The expected output is each entry, given again exactly.

Records shown:
BEGIN
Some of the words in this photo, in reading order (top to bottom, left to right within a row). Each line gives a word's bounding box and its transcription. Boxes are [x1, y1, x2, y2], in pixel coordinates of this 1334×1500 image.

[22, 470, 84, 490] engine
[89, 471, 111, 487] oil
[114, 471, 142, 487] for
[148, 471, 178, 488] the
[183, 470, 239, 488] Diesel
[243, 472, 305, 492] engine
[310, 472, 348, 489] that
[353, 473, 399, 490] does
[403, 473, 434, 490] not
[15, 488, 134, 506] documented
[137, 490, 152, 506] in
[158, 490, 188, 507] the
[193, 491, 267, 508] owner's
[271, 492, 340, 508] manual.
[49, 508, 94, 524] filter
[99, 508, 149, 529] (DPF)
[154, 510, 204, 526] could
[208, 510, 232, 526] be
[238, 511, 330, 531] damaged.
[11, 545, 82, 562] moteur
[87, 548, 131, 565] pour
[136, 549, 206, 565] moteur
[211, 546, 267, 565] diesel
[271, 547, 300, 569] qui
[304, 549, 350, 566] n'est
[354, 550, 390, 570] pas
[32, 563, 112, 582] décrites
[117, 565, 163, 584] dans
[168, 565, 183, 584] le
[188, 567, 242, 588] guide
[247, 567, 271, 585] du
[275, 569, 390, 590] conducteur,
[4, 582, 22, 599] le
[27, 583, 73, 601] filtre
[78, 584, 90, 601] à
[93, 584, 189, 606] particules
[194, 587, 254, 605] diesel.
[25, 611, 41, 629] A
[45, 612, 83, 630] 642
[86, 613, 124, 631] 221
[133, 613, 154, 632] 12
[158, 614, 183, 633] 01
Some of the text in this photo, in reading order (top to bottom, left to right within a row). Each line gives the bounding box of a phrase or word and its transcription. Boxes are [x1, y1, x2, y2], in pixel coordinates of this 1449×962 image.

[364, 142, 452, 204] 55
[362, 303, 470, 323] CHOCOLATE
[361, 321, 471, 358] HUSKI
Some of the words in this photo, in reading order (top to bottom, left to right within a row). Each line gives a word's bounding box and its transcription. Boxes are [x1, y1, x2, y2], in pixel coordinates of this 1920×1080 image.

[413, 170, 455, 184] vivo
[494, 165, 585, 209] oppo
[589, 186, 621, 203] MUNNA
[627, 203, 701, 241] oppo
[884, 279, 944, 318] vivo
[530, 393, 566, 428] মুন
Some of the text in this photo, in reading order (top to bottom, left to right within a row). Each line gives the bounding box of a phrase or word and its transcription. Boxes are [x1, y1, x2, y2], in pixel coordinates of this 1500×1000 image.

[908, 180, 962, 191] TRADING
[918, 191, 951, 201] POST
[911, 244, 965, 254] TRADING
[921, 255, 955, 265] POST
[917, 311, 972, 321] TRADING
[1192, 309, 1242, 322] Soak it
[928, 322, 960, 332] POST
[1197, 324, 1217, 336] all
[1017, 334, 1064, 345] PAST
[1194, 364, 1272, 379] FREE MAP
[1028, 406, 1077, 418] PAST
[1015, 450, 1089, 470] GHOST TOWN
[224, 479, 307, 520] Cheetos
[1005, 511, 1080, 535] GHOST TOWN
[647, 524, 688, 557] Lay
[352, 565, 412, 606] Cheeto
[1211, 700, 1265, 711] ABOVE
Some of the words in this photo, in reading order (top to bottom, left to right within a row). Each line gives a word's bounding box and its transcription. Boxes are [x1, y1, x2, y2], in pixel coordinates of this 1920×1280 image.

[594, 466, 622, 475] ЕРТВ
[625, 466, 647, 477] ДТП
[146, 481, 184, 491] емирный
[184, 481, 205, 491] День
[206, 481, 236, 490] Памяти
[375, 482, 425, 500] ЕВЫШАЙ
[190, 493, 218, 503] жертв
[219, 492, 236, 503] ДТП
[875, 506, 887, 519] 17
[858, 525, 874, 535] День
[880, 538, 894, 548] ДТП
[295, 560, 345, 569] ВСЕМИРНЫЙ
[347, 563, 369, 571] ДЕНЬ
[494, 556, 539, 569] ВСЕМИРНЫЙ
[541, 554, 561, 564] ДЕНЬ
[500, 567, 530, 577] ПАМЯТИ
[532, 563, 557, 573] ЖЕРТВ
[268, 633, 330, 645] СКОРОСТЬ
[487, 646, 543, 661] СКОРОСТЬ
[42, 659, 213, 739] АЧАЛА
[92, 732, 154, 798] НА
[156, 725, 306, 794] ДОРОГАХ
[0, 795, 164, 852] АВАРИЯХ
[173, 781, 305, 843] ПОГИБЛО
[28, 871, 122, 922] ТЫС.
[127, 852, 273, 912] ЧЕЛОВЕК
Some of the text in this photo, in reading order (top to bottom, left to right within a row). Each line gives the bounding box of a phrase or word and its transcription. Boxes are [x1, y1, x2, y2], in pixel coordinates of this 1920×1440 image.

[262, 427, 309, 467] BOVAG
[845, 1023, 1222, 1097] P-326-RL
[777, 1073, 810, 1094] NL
END
Exercise result:
Some of the words in this photo, in reading order (top to bottom, left to right within a row). Each line gives a word's bounding box and its transcription. Boxes are [x1, y1, x2, y2], in pixel coordinates of this 1334×1500 image.

[22, 470, 84, 490] engine
[89, 471, 111, 487] oil
[114, 471, 142, 487] for
[148, 471, 178, 488] the
[183, 470, 239, 488] Diesel
[243, 472, 305, 492] engine
[310, 472, 348, 489] that
[353, 473, 399, 490] does
[403, 473, 434, 490] not
[15, 488, 134, 506] documented
[137, 490, 152, 506] in
[158, 490, 188, 507] the
[193, 491, 267, 508] owner's
[271, 492, 340, 508] manual.
[49, 508, 94, 524] filter
[99, 508, 149, 529] (DPF)
[154, 510, 204, 526] could
[208, 510, 232, 526] be
[238, 511, 330, 531] damaged.
[11, 545, 82, 562] moteur
[87, 548, 131, 565] pour
[136, 549, 206, 565] moteur
[211, 546, 267, 565] diesel
[271, 547, 300, 569] qui
[304, 549, 350, 566] n'est
[354, 550, 390, 570] pas
[32, 563, 112, 582] décrites
[117, 565, 163, 584] dans
[168, 565, 183, 584] le
[188, 567, 242, 588] guide
[247, 567, 271, 585] du
[275, 569, 390, 590] conducteur,
[4, 582, 22, 599] le
[27, 583, 73, 601] filtre
[78, 584, 90, 601] à
[93, 584, 189, 606] particules
[194, 587, 254, 605] diesel.
[25, 611, 41, 629] A
[45, 612, 83, 630] 642
[86, 613, 124, 631] 221
[133, 613, 154, 632] 12
[158, 614, 183, 633] 01
Some of the text in this photo, in reading order (top to bottom, left to right within a row). Each line gives the bounding box of a phrase or word and its transcription. Boxes are [x1, y1, x2, y2], in pixel coordinates of this 1449×962 image.

[364, 142, 452, 204] 55
[362, 303, 470, 323] CHOCOLATE
[361, 321, 471, 358] HUSKI
Some of the words in this photo, in reading order (top to bottom, left to right within a row). Each line gives a word's bounding box and its transcription. Boxes are [x1, y1, x2, y2], in pixel coordinates of this 1920×1080 image.

[413, 170, 455, 184] vivo
[494, 165, 585, 209] oppo
[589, 186, 621, 203] MUNNA
[627, 203, 701, 241] oppo
[884, 279, 944, 318] vivo
[530, 393, 566, 428] মুন
Some of the text in this photo, in reading order (top to bottom, left to right within a row). Each line gives the bounding box of a phrase or word and its transcription. Boxes are [x1, y1, x2, y2], in pixel coordinates of this 1500×1000 image.

[908, 180, 962, 191] TRADING
[918, 191, 951, 201] POST
[911, 244, 965, 254] TRADING
[921, 255, 955, 265] POST
[917, 311, 972, 321] TRADING
[1192, 309, 1242, 322] Soak it
[928, 322, 960, 332] POST
[1197, 324, 1217, 336] all
[1017, 334, 1064, 345] PAST
[1194, 364, 1272, 379] FREE MAP
[1028, 406, 1077, 418] PAST
[1015, 450, 1089, 470] GHOST TOWN
[224, 479, 307, 520] Cheetos
[1005, 511, 1080, 535] GHOST TOWN
[647, 524, 688, 557] Lay
[352, 565, 412, 606] Cheeto
[1211, 700, 1265, 711] ABOVE
Some of the words in this photo, in reading order (top to bottom, left to right within a row). Each line gives a word's bounding box and its transcription. Boxes are [x1, y1, x2, y2], in pixel coordinates of this 1920×1280 image.

[594, 466, 622, 475] ЕРТВ
[625, 466, 647, 477] ДТП
[146, 481, 184, 491] емирный
[184, 481, 205, 491] День
[206, 481, 236, 490] Памяти
[375, 482, 425, 500] ЕВЫШАЙ
[190, 493, 218, 503] жертв
[219, 492, 236, 503] ДТП
[875, 506, 887, 519] 17
[858, 525, 874, 535] День
[880, 538, 894, 548] ДТП
[295, 560, 345, 569] ВСЕМИРНЫЙ
[347, 563, 369, 571] ДЕНЬ
[494, 556, 539, 569] ВСЕМИРНЫЙ
[541, 554, 561, 564] ДЕНЬ
[500, 567, 530, 577] ПАМЯТИ
[532, 563, 557, 573] ЖЕРТВ
[268, 633, 330, 645] СКОРОСТЬ
[487, 646, 543, 661] СКОРОСТЬ
[42, 659, 213, 739] АЧАЛА
[92, 732, 154, 798] НА
[156, 725, 306, 794] ДОРОГАХ
[0, 795, 164, 852] АВАРИЯХ
[173, 781, 305, 843] ПОГИБЛО
[28, 871, 122, 922] ТЫС.
[127, 852, 273, 912] ЧЕЛОВЕК
Some of the text in this photo, in reading order (top to bottom, left to right within a row). Each line gives the bounding box of a phrase or word and its transcription. Boxes are [x1, y1, x2, y2], in pixel coordinates of this 1920×1440 image.

[262, 427, 309, 467] BOVAG
[845, 1023, 1222, 1097] P-326-RL
[777, 1073, 810, 1094] NL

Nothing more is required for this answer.